The article discusses what is stolen property and offences relating to it, in the introductory part. Further, the offence of dishonestly receiving or retaining stolen property along with the essentials of that offence is explained in detail by elaborating on each and every essential. After that, the offence of dishonestly receiving or retaining the property which is stolen in the commission of dacoity is discussed. Apart from these the offence of assisting in concealing the stolen property and habitual dealing with the stolen property are explained in brief.
Did you ever think what happens to the property which is stolen in a theft or robbery or dacoity? Is it given to someone or shared amongst the offenders or is sold in the market for stolen property. And if there is such a place or person where/who voluntarily and knowingly receives such stolen property is said to be an offence. Such acts encourage the offences of theft, robbery, extortion and dacoity. Hence there is a category of offences titled – “Of the Receiving of Stolen Property” under the chapter titled – “OF OFFENCES AGAINST PROPERTY” under the Penal Code of India.
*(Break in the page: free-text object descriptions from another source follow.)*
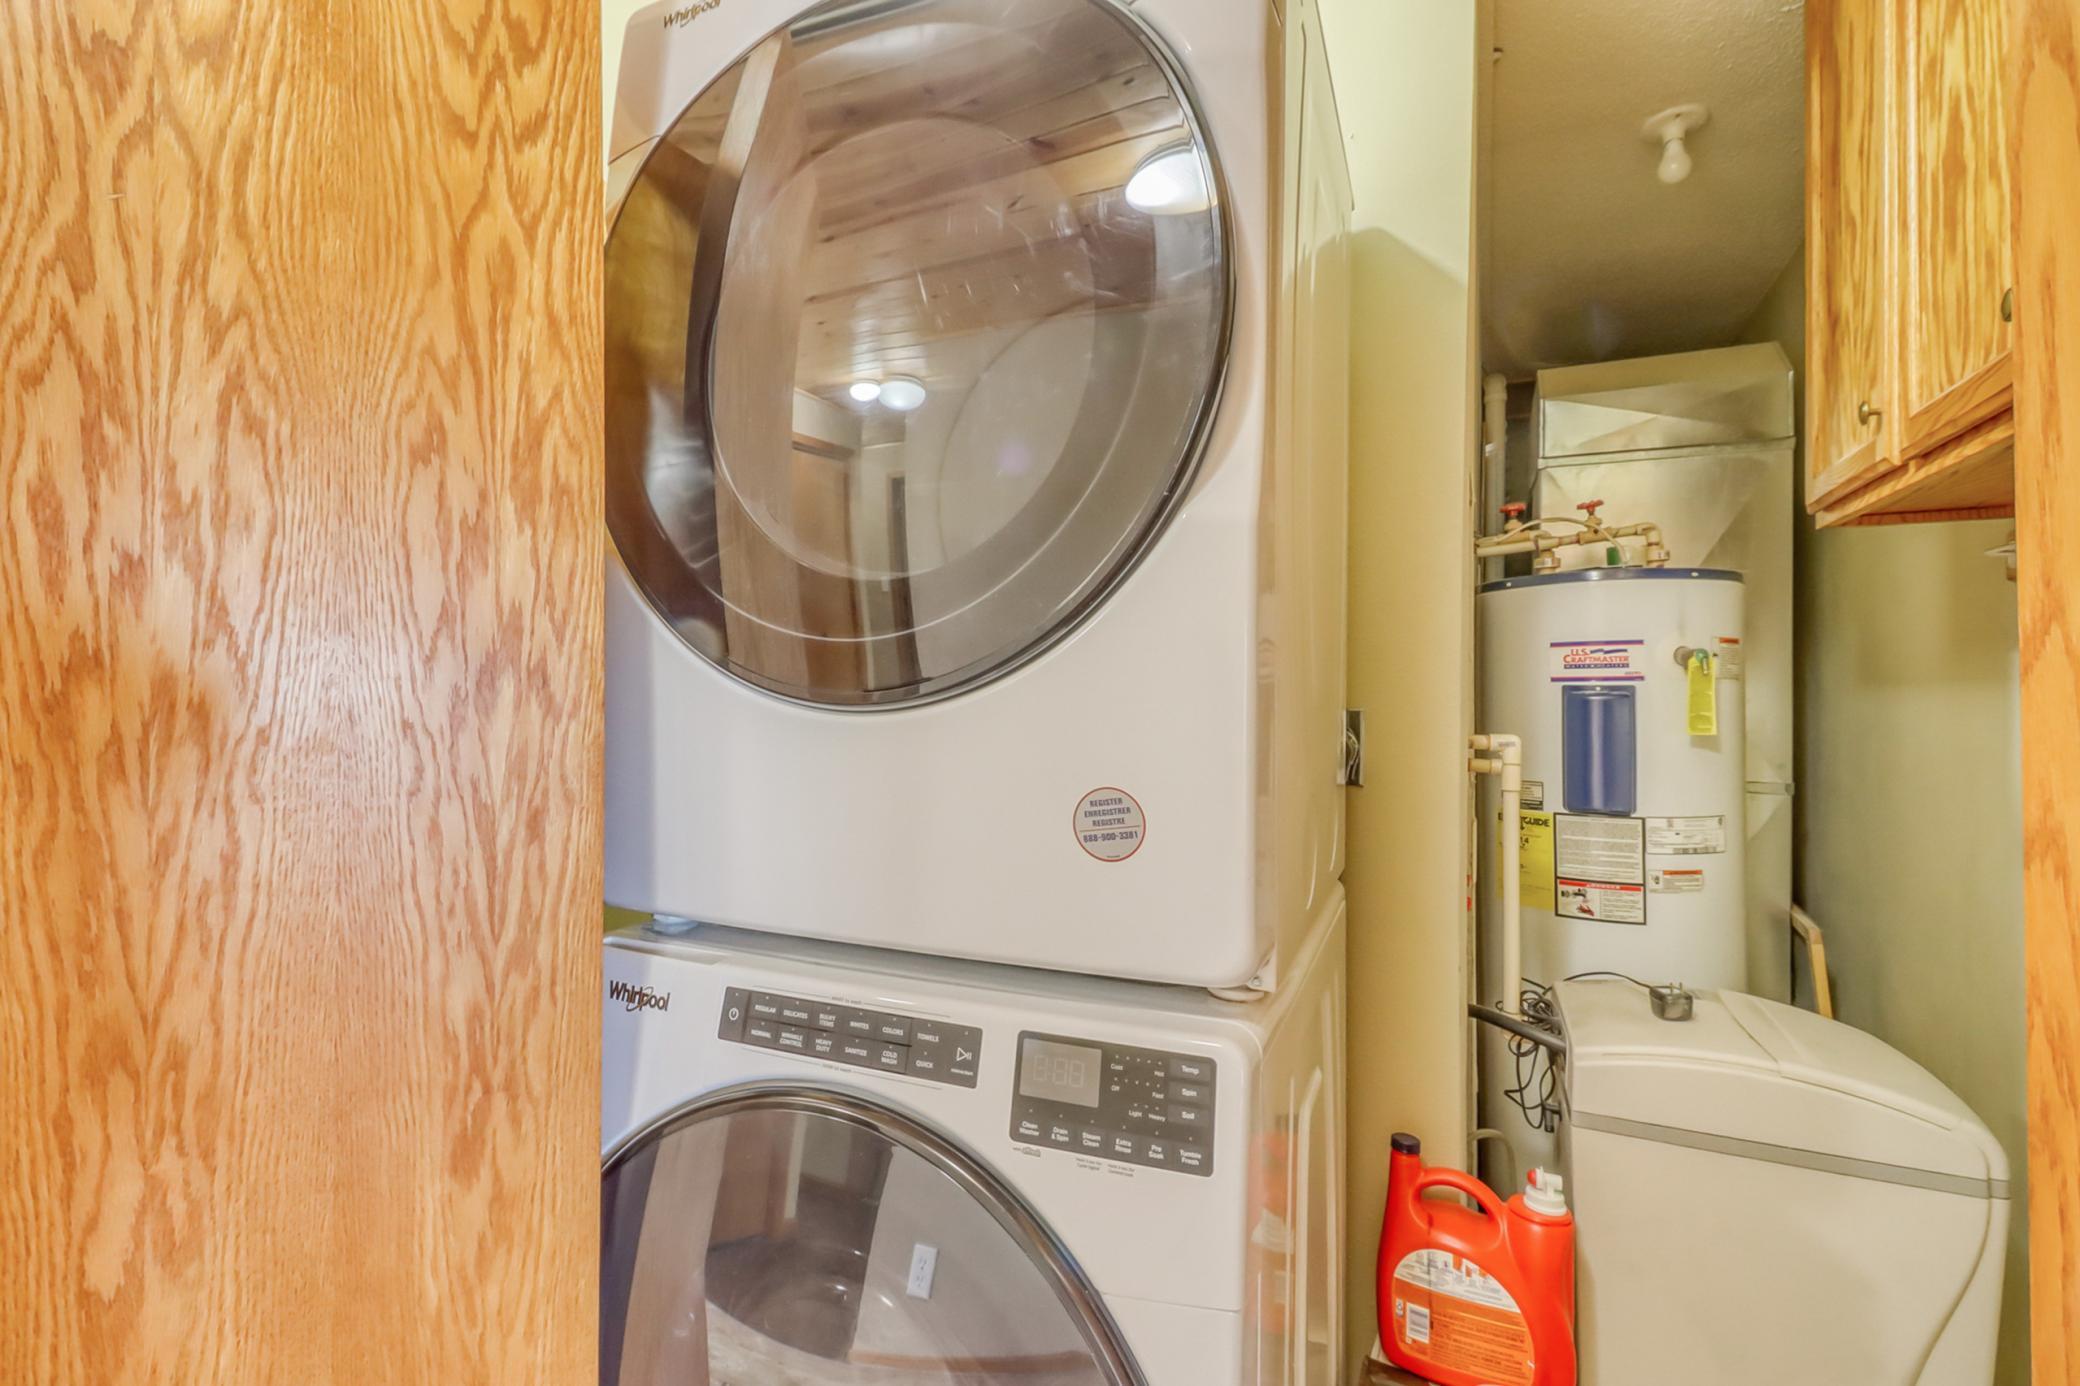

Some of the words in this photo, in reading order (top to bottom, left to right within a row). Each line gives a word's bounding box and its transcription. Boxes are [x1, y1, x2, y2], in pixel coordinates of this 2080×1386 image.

[1089, 797, 1123, 807] REGISTER
[1084, 807, 1131, 818] ENREGISTRER
[1092, 817, 1125, 827] REGISTRE
[609, 979, 671, 1013] Whirlpool
[917, 1032, 940, 1043] TOWELS
[1181, 1065, 1199, 1075] Temp
[1182, 1088, 1198, 1097] Spin
[1128, 1109, 1143, 1118] Light
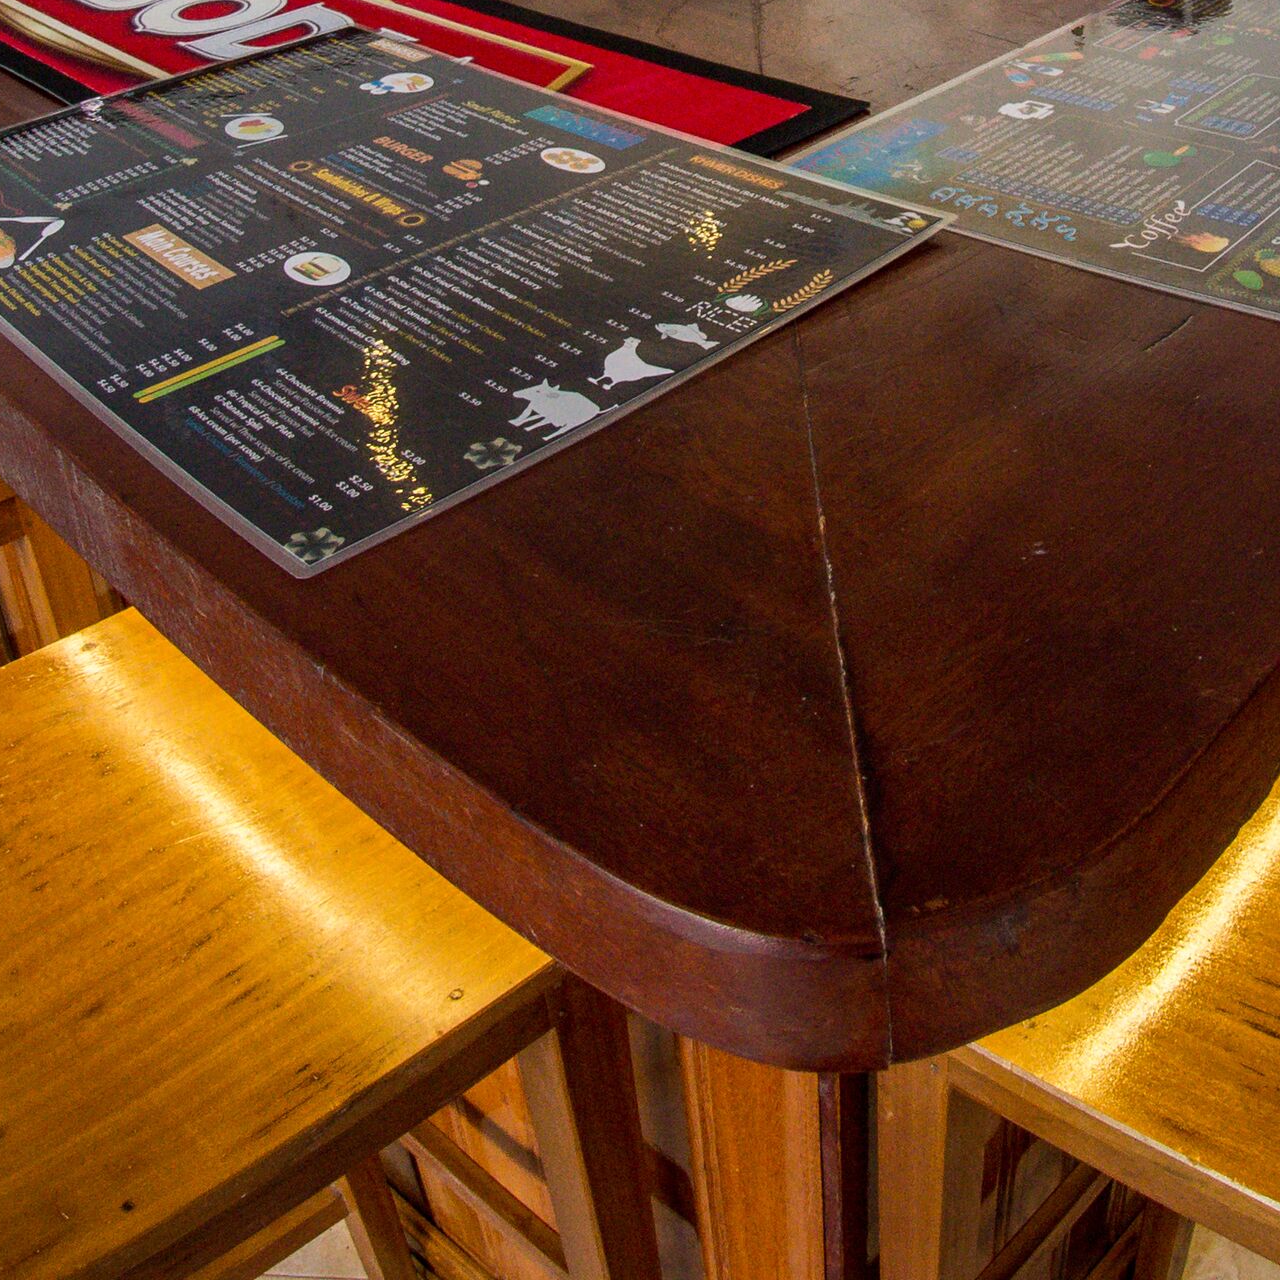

The definition of what is stolen property is given in the penal code under section 410.
“410 Stolen property— Property, the possession whereof has been transferred by theft, or by extortion, or by robbery, and property which has been criminally misappropriated or in respect of which criminal breach of trust has been committed, is designated as stolen property, whether the transfer has been made, or the misappropriation or breach of trust has been committed, within or without India. But, if such property subsequently comes into the possession of a person legally entitled to the possession thereof, it then ceases to be stolen property”
The similar offence is mentioned in the Larceny Act 1961 of England titled- “Receiving” under section 33. However there is a slight difference between the two i.e., the stolen property can be anything obtained under whatsoever circumstances which amount to felony or misdemeanour as under Larceny Act but the Indian Penal Code specifies in the definition that the stolen property must be obtained by “theft” or by “extortion” or by “robbery” and must be criminally misappropriated or in respect with “criminal breach of trust”. Hence the English Law is much wider whereas Indian Law is restrictive.
The above definition does not talk about the offence related to stolen property. The offence of receiving the stolen property dishonestly is provided under section 411 and section 412. These sections punish only the receiver of stolen property and not the one who stole it through any means mentioned in those sections. Further, the conviction of the principal offender is not necessary for conviction of the receiver under these sections.
Offence of receiving property
As mentioned earlier the offence of dishonestly receiving property which is stolen is provided under section 411 of the penal code. This section is applicable generally i.e., to all those properties which are obtained by any of the offences mentioned in the definition above.
“411 Dishonestly receiving stolen property— Whoever dishonestly receives or retains any stolen property, knowing or having reason to believe the same to be stolen property, shall be punished with imprisonment of either description for a term which may extend to three years, or with fine, or with both”
I. Essentials: When is it an Offence to receive the stolen property?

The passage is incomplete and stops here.